Rugby is no exception, in fact, technology is increasingly visible in the sport, both on-field and off. It’s now a quarter of a century since the International Rugby Board declared the sport professional, and in those 25 years, the game has embraced new technology to make things fairer and safer. More recently, the ubiquity of smartphones and tablets has meant that new ways for fans to interact with the sport have emerged. Let’s take a closer look at technology in rugby today.
Any fan of rugby will appreciate the big impact a referee has on the game. We have enjoyed having a ref microphone for a number of years, which helps the casual fan to understand the on-field action, and to heighten the drama in general. But now we are seeing the introduction of a ‘ref cam’ – a lightweight HD camera mounted on the referee’s head or chest. As well as helping officials check decisions from the sidelines, the ref cam also gives broadcasters the chance to show the action from very close range. Of course, officials have already got Hawk-Eye technology to avoid controversial decisions. This allows them to view HD replays from numerous angles instantaneously, with the ability to zoom in and out as they require. This is also used to enforce new safety measures, as we will see later.
In days gone by, the only way to track each of the fifteen players on a side would be to follow them each with a dedicated camera. More recently, GPS tracking devices have been sewn into the kits of teams, which makes it easy to collect performance data on all players simultaneously. GPS is used to log the intensity of movement of each player, and this is especially useful given the different roles on a rugby team. A hooker’s and a winger’s roles are vastly different, so the data collected can help teams log how much time is spent sprinting, walking, jogging, rucking and scrimmaging, and tailor their training programs appropriately. GPS is also used in injury tracking and prevention, to log tackle impacts, amongst other things. This technology is widely used in rugby across Europe.
Technology is affecting the way we consume and enjoy the sports we love, and rugby fans have a vast array of options. Live streaming on computers and mobile devices is widespread, allowing fans the chance to view wherever they are, with interactive options, such as the ability to choose between camera angles. For those who like to place bets on sport, the choices are myriad. There are many sportsbooks and online casinos that offer odds on rugby, often with changing odds during games, and many different types of bets besides the final result. In recent years we’ve seen the emergence of online payment methods like PayPal and cryptocurrencies such as Bitcoin, that make it easier than ever to place instant bets. These kinds of technological advances have helped popularise rugby beyond its traditional fanbase.
We mentioned that GPS analysis can help with tactics and training programs. Backroom staff also have access to multiple camera angles and other data from the field to help customise every aspect of a player’s development. Data analysis has become an integral part of operating an elite sporting side, and a new generation of analysts and sports scientists are pushing in every direction to deliver optimum performance. Away from tactics and training regimen, analysis of player’s lifestyles, including their nutrition, sleeping pattern and relaxation activities are monitored and modified. Rugby players are famed for their work hard, play hard approach, but the modern game requires more restraint when it comes to post-match celebrating.

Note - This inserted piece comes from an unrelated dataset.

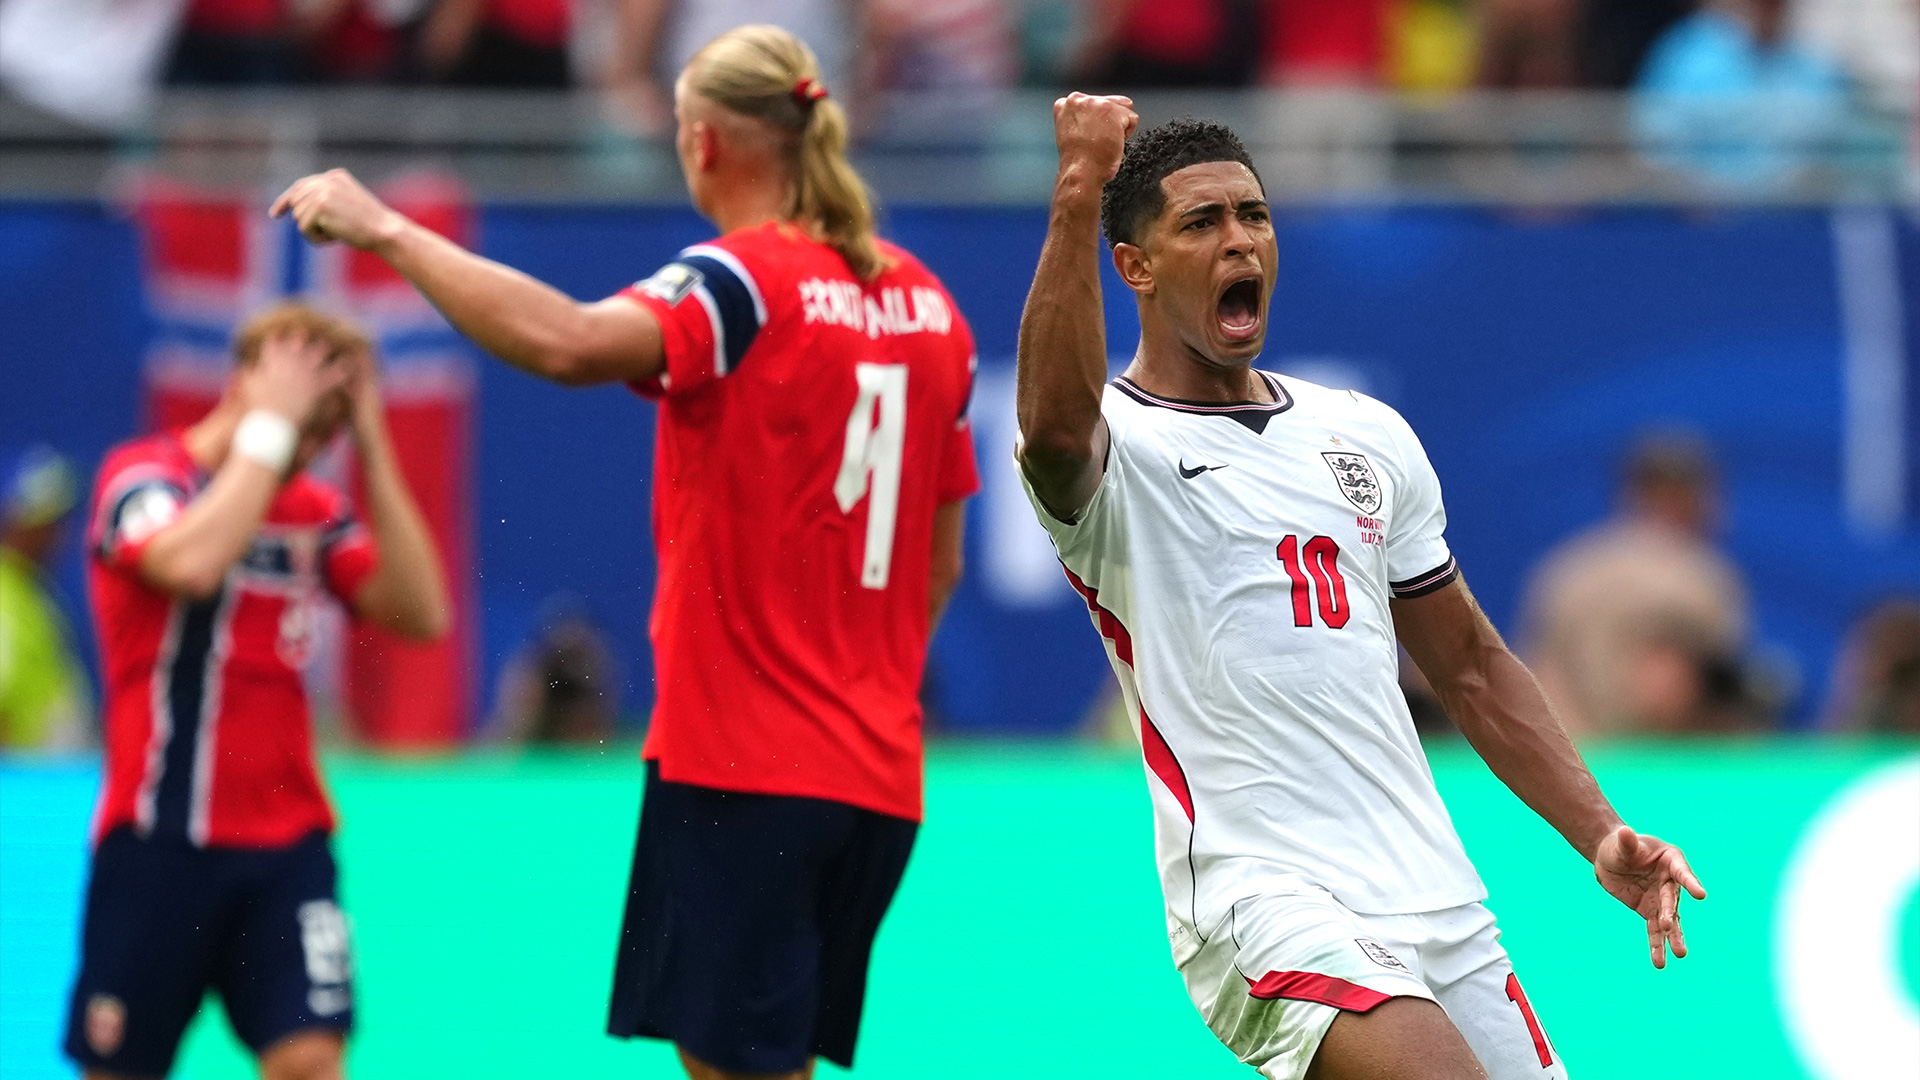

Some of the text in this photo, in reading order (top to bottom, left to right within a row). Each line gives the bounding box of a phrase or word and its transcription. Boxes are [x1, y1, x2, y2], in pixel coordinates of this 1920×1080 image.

[1357, 516, 1383, 530] NORW
[1276, 534, 1350, 629] 10
[1505, 972, 1556, 1069] 1
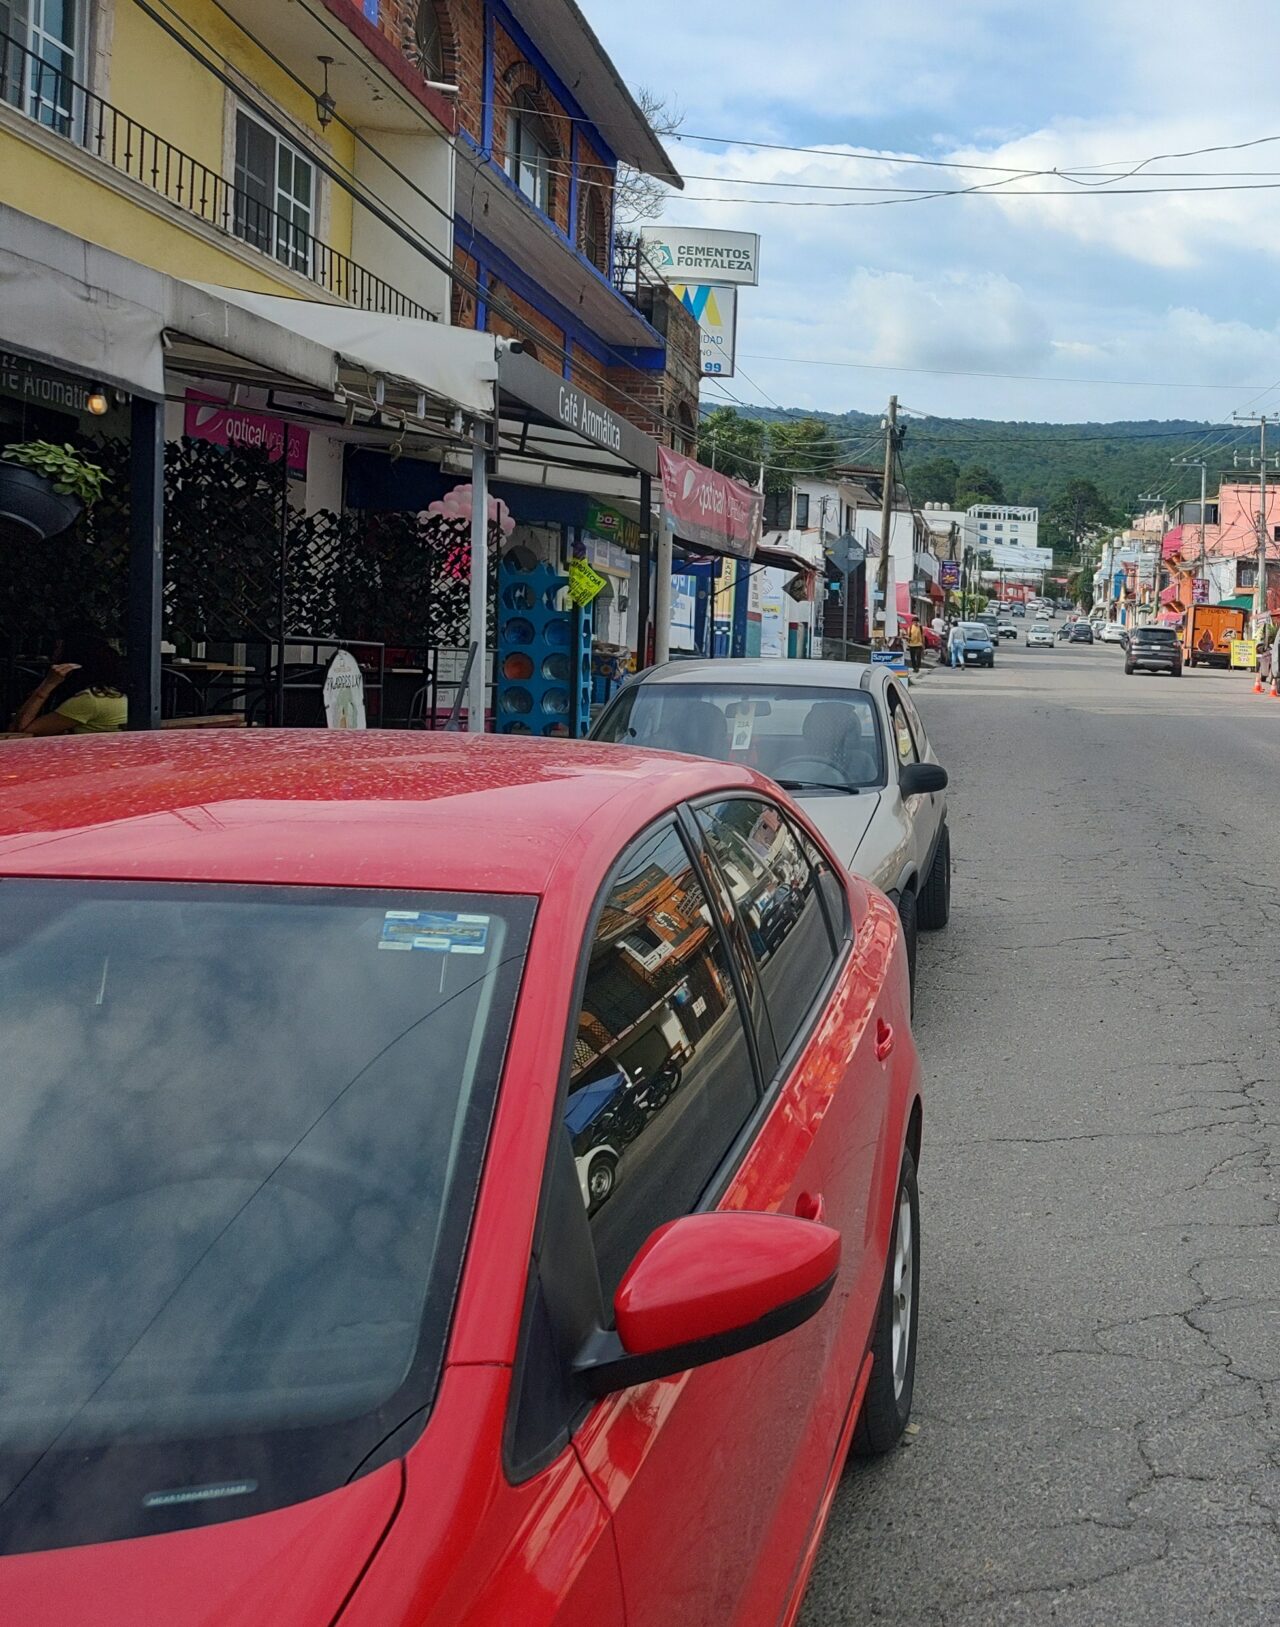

Concussions are a growing concern in the sport. Rugby has become more physical than ever, players are more powerful than ever, and as a result, serious head injury is a problem. Repeated concussions can lead to chronic traumatic encephalopathy, an incurable, degenerative brain condition. In the past, if a player took a big hit, they would only have to reassure the physio attending them that they were fine to continue. Now we have specialised gum shields which can track the force of an impact and relay it in real-time to a computer. This is crucial in reducing the amount of head, neck and brain injuries to players.
Rugby is an example of a sport where technology is being used for all the right reasons – fair play and good decisions on the pitch, entertainment value for fans, and most importantly, the wellbeing of the players of a physical, full-contact game.